### WHAT YOU NEED TO DO
Give the records again exactly as written. Leave out the pictures.

Image-backed grounding data
-*-
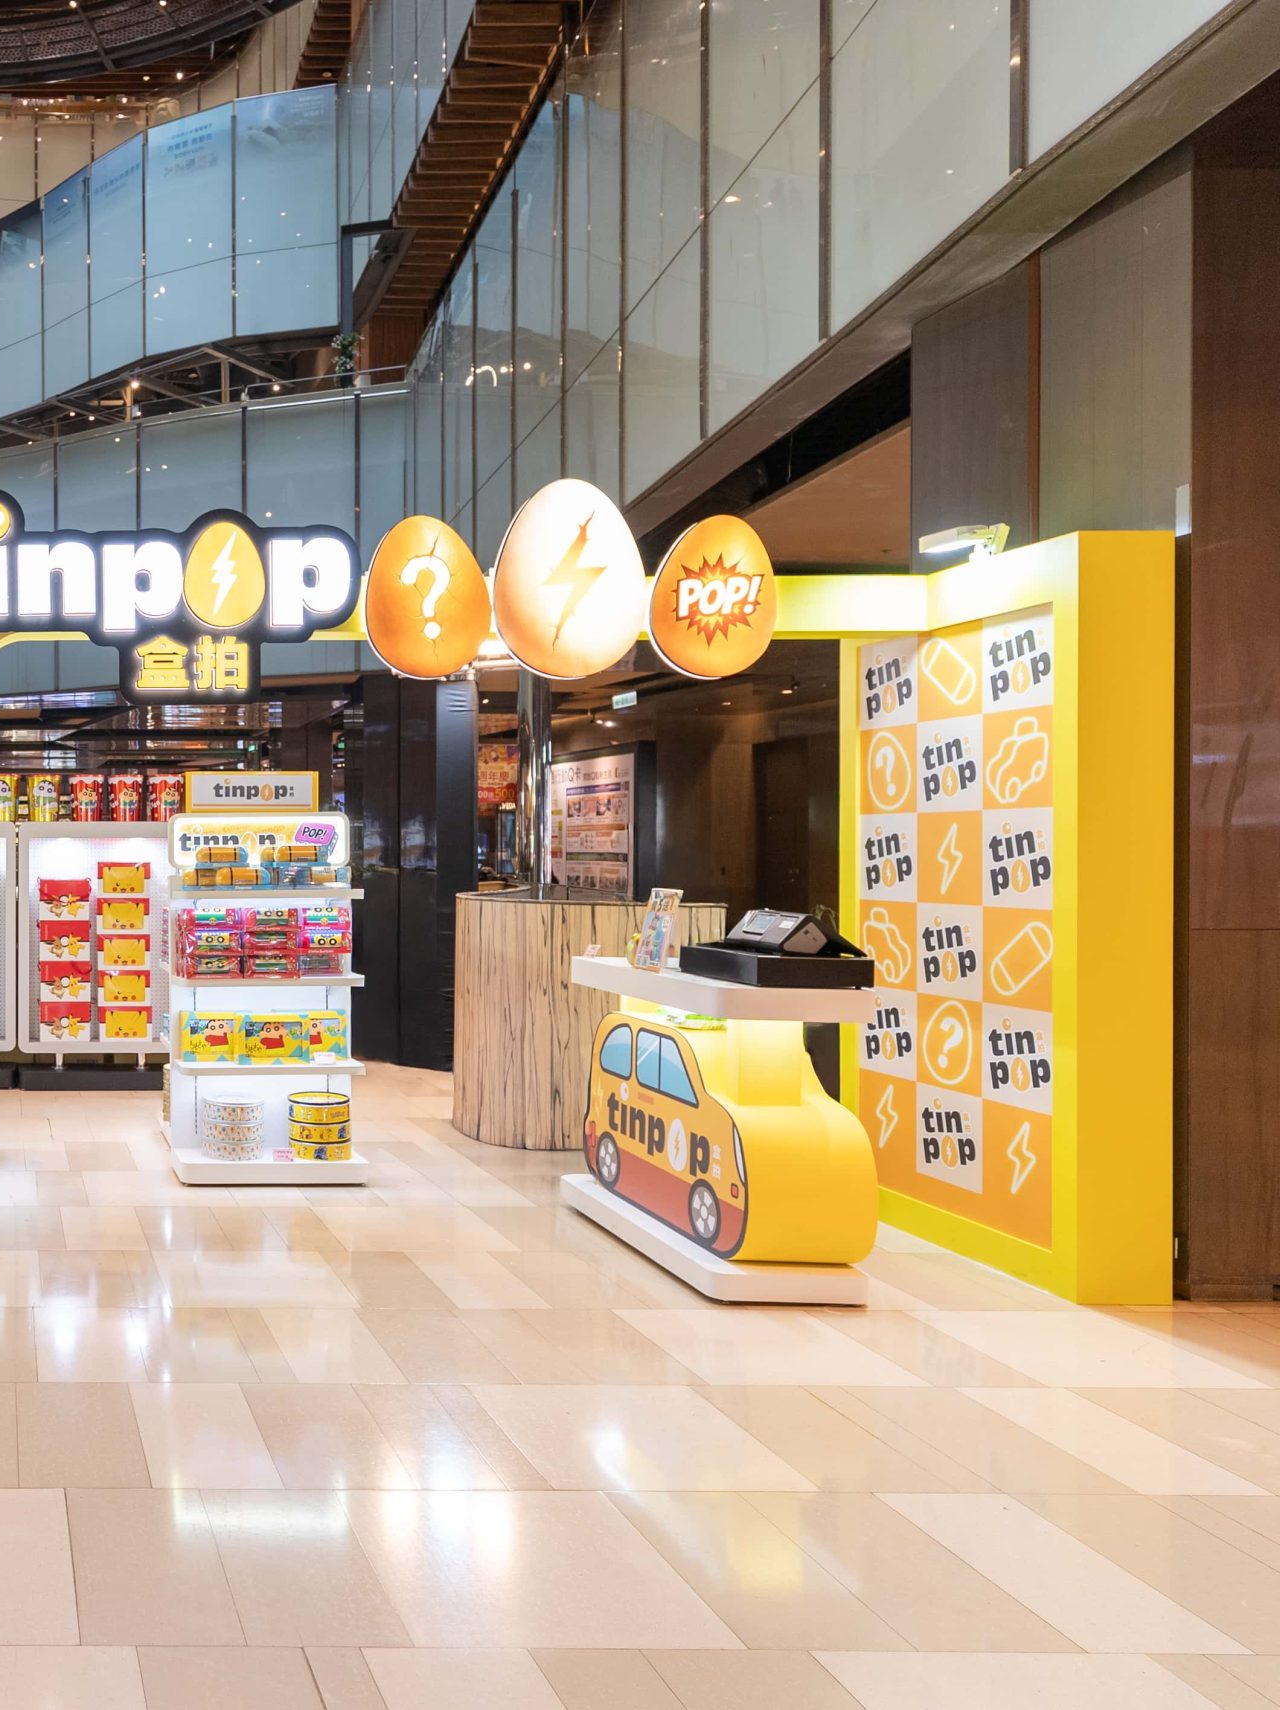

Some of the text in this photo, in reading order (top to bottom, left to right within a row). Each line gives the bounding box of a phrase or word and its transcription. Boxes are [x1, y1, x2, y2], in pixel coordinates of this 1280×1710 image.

[676, 573, 765, 621] POP!
[134, 634, 250, 693] 盒拍
[989, 627, 1036, 667] tin
[865, 655, 901, 690] tin
[990, 652, 1051, 701] pop
[866, 678, 912, 720] pop
[923, 732, 963, 770] tin
[213, 778, 289, 801] tinpop
[923, 760, 976, 801] pop
[301, 825, 327, 840] POP!
[865, 826, 900, 860] tin
[989, 822, 1036, 862] tin
[866, 855, 912, 890] pop
[990, 856, 1051, 896] pop
[922, 916, 963, 951] tin
[923, 950, 976, 983] pop
[865, 1031, 912, 1060] pop
[989, 1018, 1036, 1056] tin
[990, 1057, 1051, 1091] pop
[607, 1082, 710, 1177] tinpop
[922, 1099, 963, 1133] tin
[923, 1135, 976, 1168] pop
-*-
### WRITTEN REPLY
Some of the text in this photo, in reading order (top to bottom, left to right within a row). Each line gives the bounding box of a phrase or word and its transcription. Boxes are [x1, y1, x2, y2], in pixel coordinates of this 1280×1710 image.

[676, 573, 765, 621] POP!
[134, 634, 250, 693] 盒拍
[989, 627, 1036, 667] tin
[865, 655, 901, 690] tin
[990, 652, 1051, 701] pop
[866, 678, 912, 720] pop
[923, 732, 963, 770] tin
[213, 778, 289, 801] tinpop
[923, 760, 976, 801] pop
[301, 825, 327, 840] POP!
[865, 826, 900, 860] tin
[989, 822, 1036, 862] tin
[866, 855, 912, 890] pop
[990, 856, 1051, 896] pop
[922, 916, 963, 951] tin
[923, 950, 976, 983] pop
[865, 1031, 912, 1060] pop
[989, 1018, 1036, 1056] tin
[990, 1057, 1051, 1091] pop
[607, 1082, 710, 1177] tinpop
[922, 1099, 963, 1133] tin
[923, 1135, 976, 1168] pop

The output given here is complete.